Your task is to transcribe each record exactly and to omit every image.

== Provided material ==
--*--

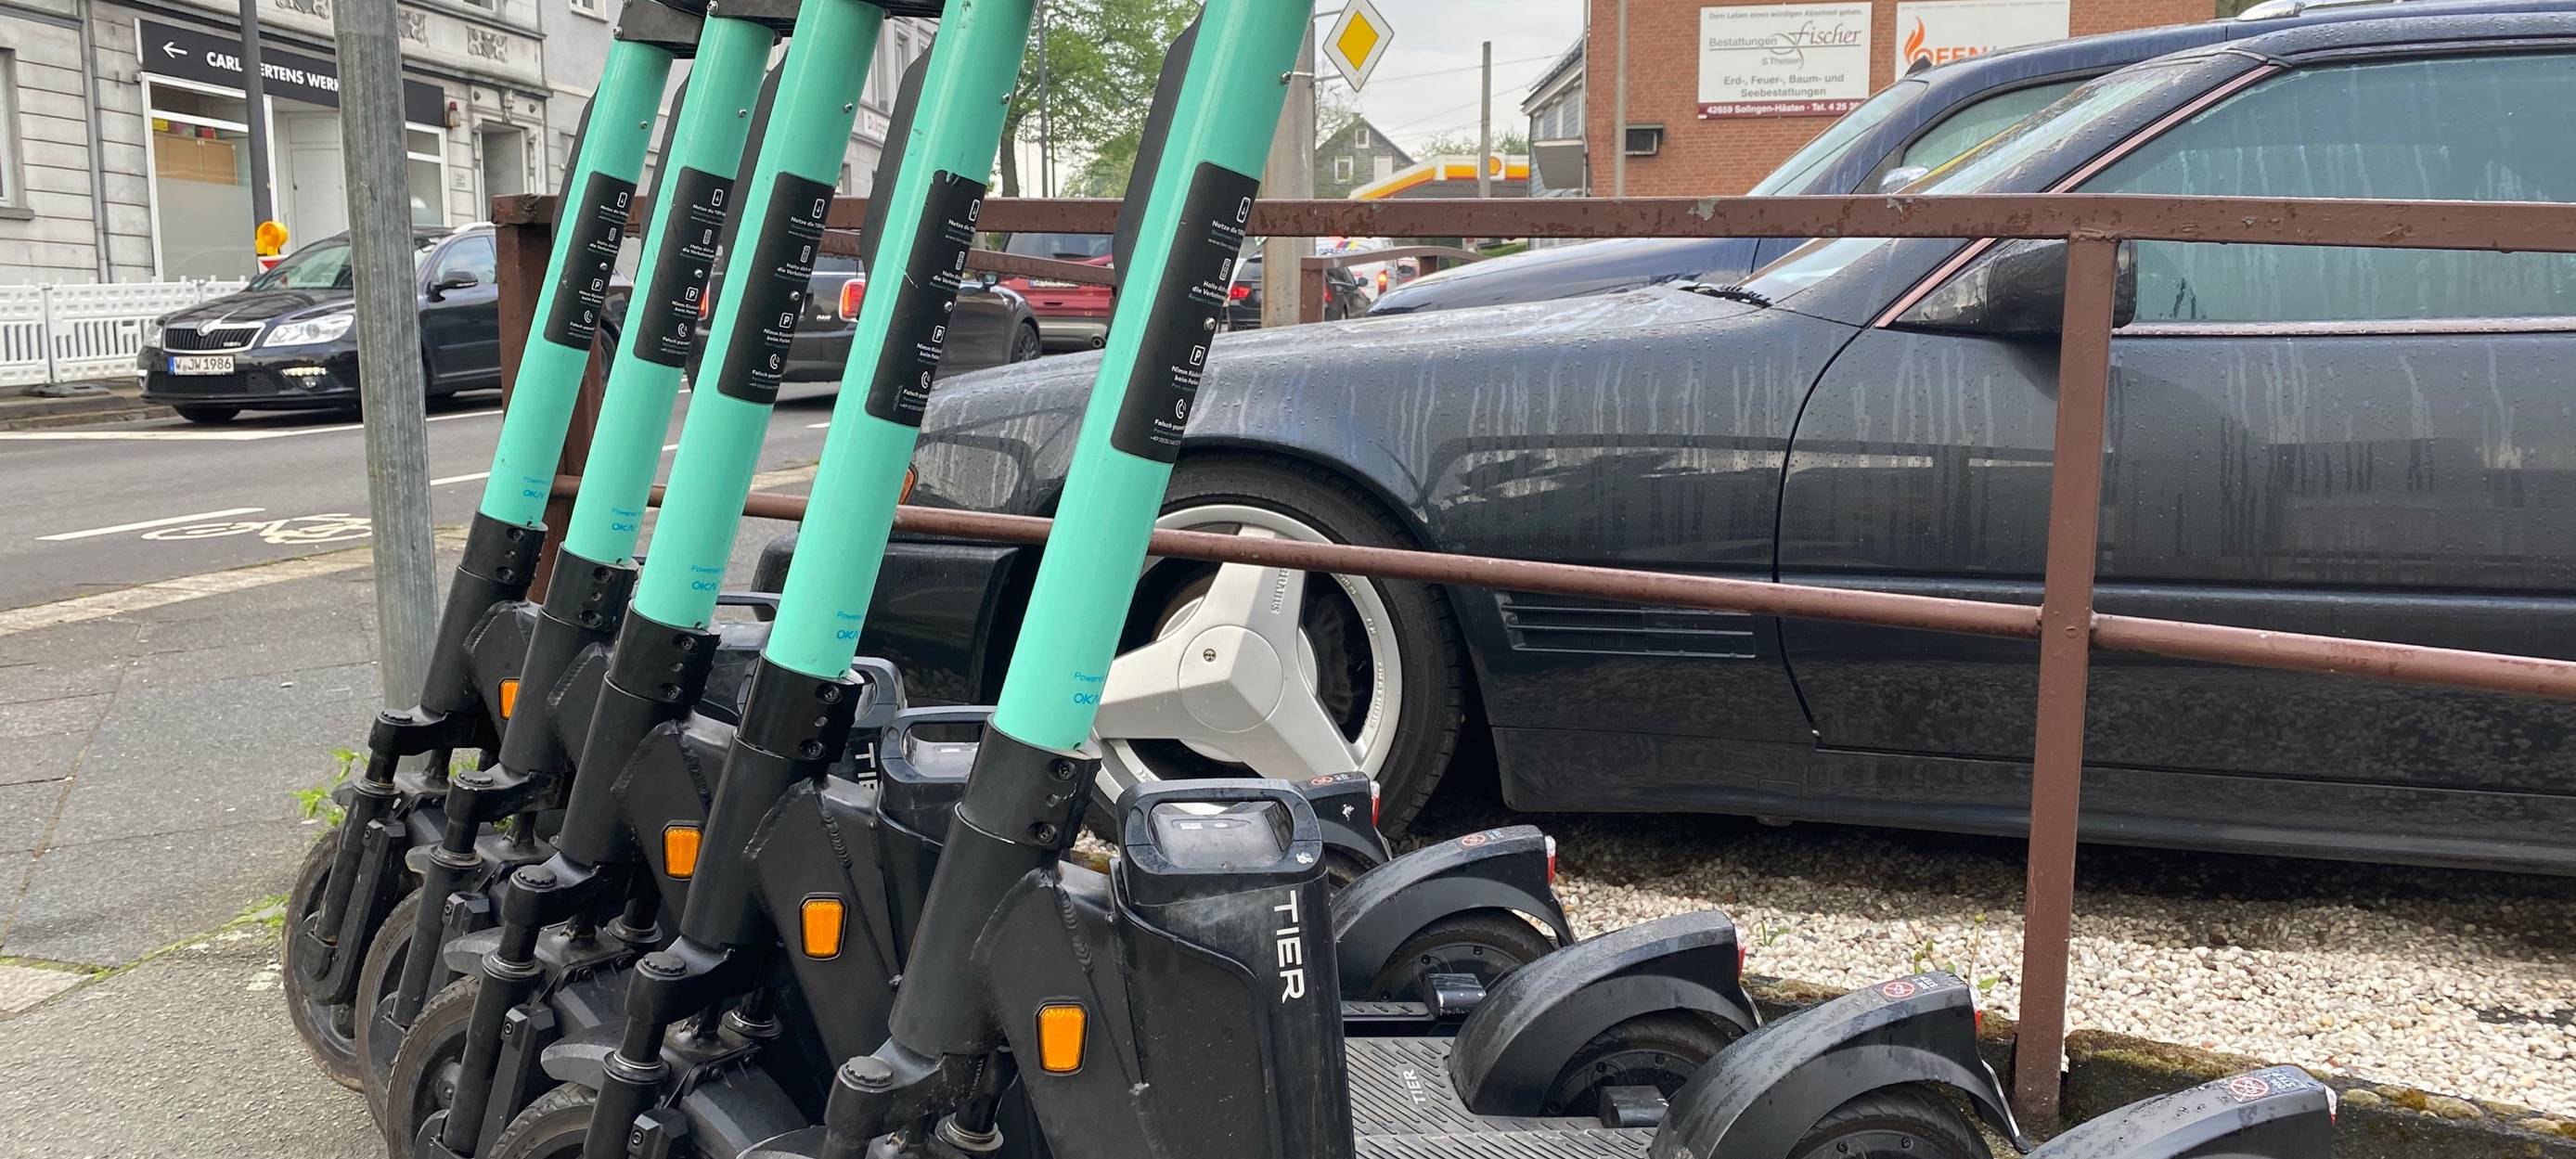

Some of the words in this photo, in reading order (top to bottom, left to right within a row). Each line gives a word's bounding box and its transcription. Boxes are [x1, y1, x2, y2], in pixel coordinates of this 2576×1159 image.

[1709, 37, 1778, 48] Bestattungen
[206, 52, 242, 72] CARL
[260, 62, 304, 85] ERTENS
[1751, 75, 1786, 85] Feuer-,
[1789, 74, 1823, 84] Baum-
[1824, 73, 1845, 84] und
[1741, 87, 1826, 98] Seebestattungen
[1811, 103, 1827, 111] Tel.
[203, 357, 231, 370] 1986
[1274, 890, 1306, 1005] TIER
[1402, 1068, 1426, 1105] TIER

--*--

== Written response ==
Some of the words in this photo, in reading order (top to bottom, left to right within a row). Each line gives a word's bounding box and its transcription. Boxes are [x1, y1, x2, y2], in pixel coordinates of this 2576×1159 image.

[1709, 37, 1778, 48] Bestattungen
[206, 52, 242, 72] CARL
[260, 62, 304, 85] ERTENS
[1751, 75, 1786, 85] Feuer-,
[1789, 74, 1823, 84] Baum-
[1824, 73, 1845, 84] und
[1741, 87, 1826, 98] Seebestattungen
[1811, 103, 1827, 111] Tel.
[203, 357, 231, 370] 1986
[1274, 890, 1306, 1005] TIER
[1402, 1068, 1426, 1105] TIER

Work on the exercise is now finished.